> [To do] Write out every record below exactly as it stands, leaving the pictures out.

================================

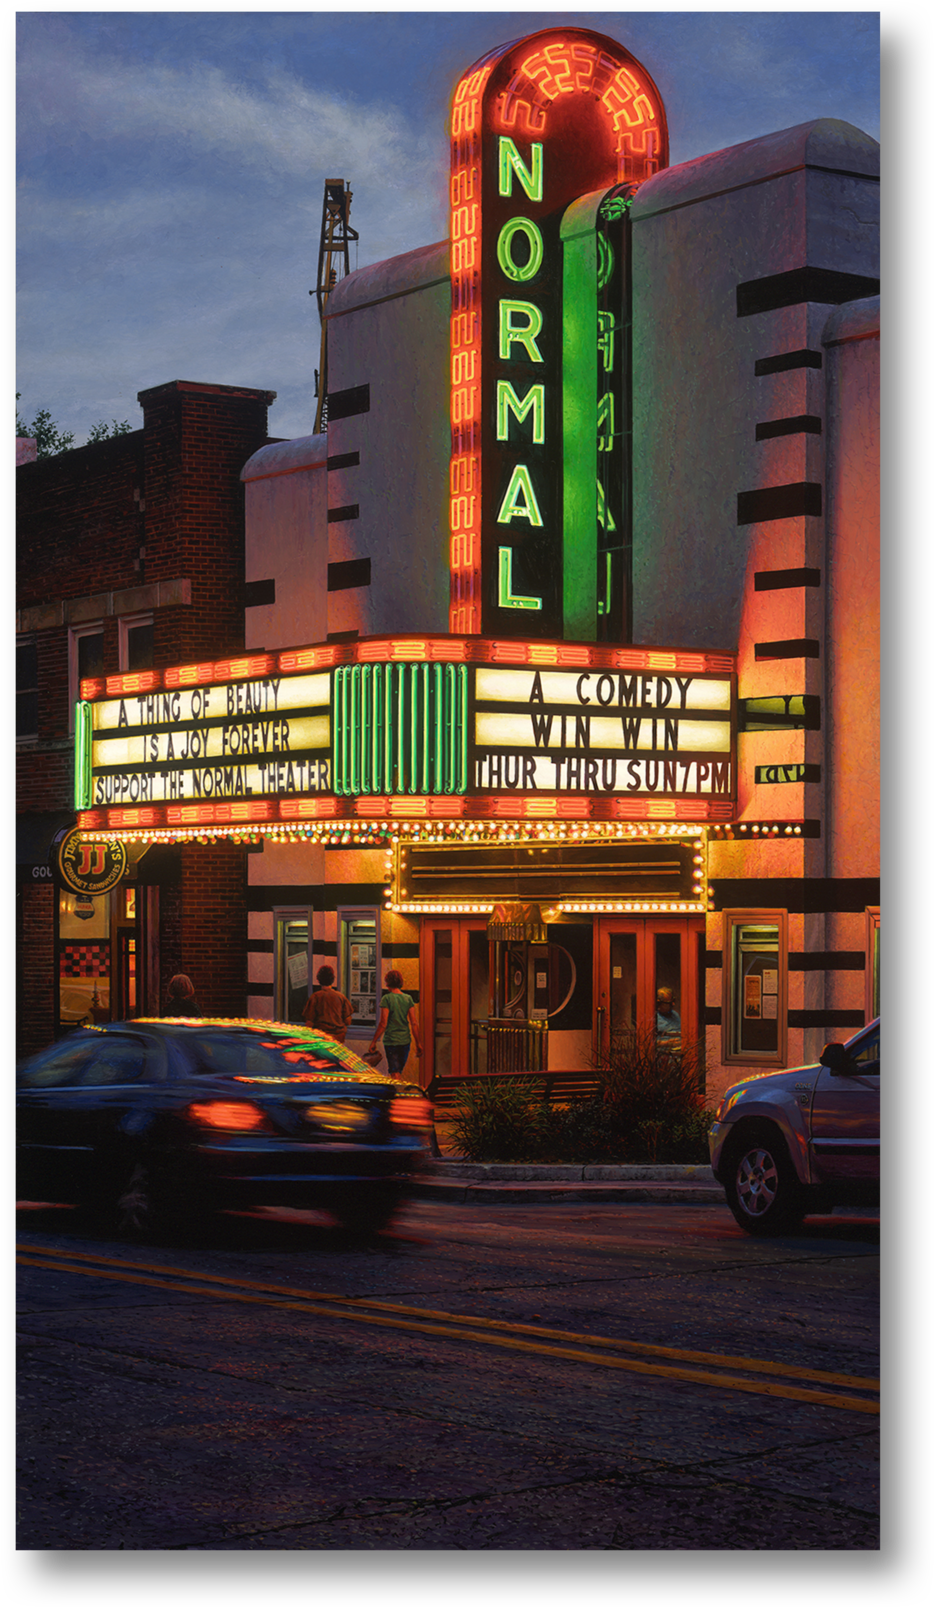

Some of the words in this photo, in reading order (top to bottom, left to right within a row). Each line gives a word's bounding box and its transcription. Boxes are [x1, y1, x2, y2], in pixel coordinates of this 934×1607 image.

[496, 136, 545, 610] NORMAL
[118, 699, 129, 728] A
[137, 692, 182, 726] THING
[191, 688, 211, 720] OF
[226, 678, 281, 716] BEAUTY
[529, 671, 544, 703] A
[576, 673, 694, 710] COMEDY
[143, 734, 159, 763] IS
[166, 734, 175, 761] A
[181, 728, 210, 760] JOY
[222, 719, 290, 755] FOREVER
[531, 714, 591, 748] WIN
[621, 717, 679, 750] WIN
[96, 772, 156, 804] SUPPORT
[161, 769, 184, 801] THE
[192, 764, 252, 798] NORMAL
[258, 759, 329, 793] THEATER
[475, 755, 537, 789] THUR
[551, 756, 617, 792] THRU
[64, 861, 88, 889] GOURMET
[87, 864, 121, 890] SANDWICHES
[78, 844, 108, 875] JJ

================================

> [Reply to the task]
Some of the words in this photo, in reading order (top to bottom, left to right within a row). Each line gives a word's bounding box and its transcription. Boxes are [x1, y1, x2, y2], in pixel coordinates of this 934×1607 image.

[496, 136, 545, 610] NORMAL
[118, 699, 129, 728] A
[137, 692, 182, 726] THING
[191, 688, 211, 720] OF
[226, 678, 281, 716] BEAUTY
[529, 671, 544, 703] A
[576, 673, 694, 710] COMEDY
[143, 734, 159, 763] IS
[166, 734, 175, 761] A
[181, 728, 210, 760] JOY
[222, 719, 290, 755] FOREVER
[531, 714, 591, 748] WIN
[621, 717, 679, 750] WIN
[96, 772, 156, 804] SUPPORT
[161, 769, 184, 801] THE
[192, 764, 252, 798] NORMAL
[258, 759, 329, 793] THEATER
[475, 755, 537, 789] THUR
[551, 756, 617, 792] THRU
[64, 861, 88, 889] GOURMET
[87, 864, 121, 890] SANDWICHES
[78, 844, 108, 875] JJ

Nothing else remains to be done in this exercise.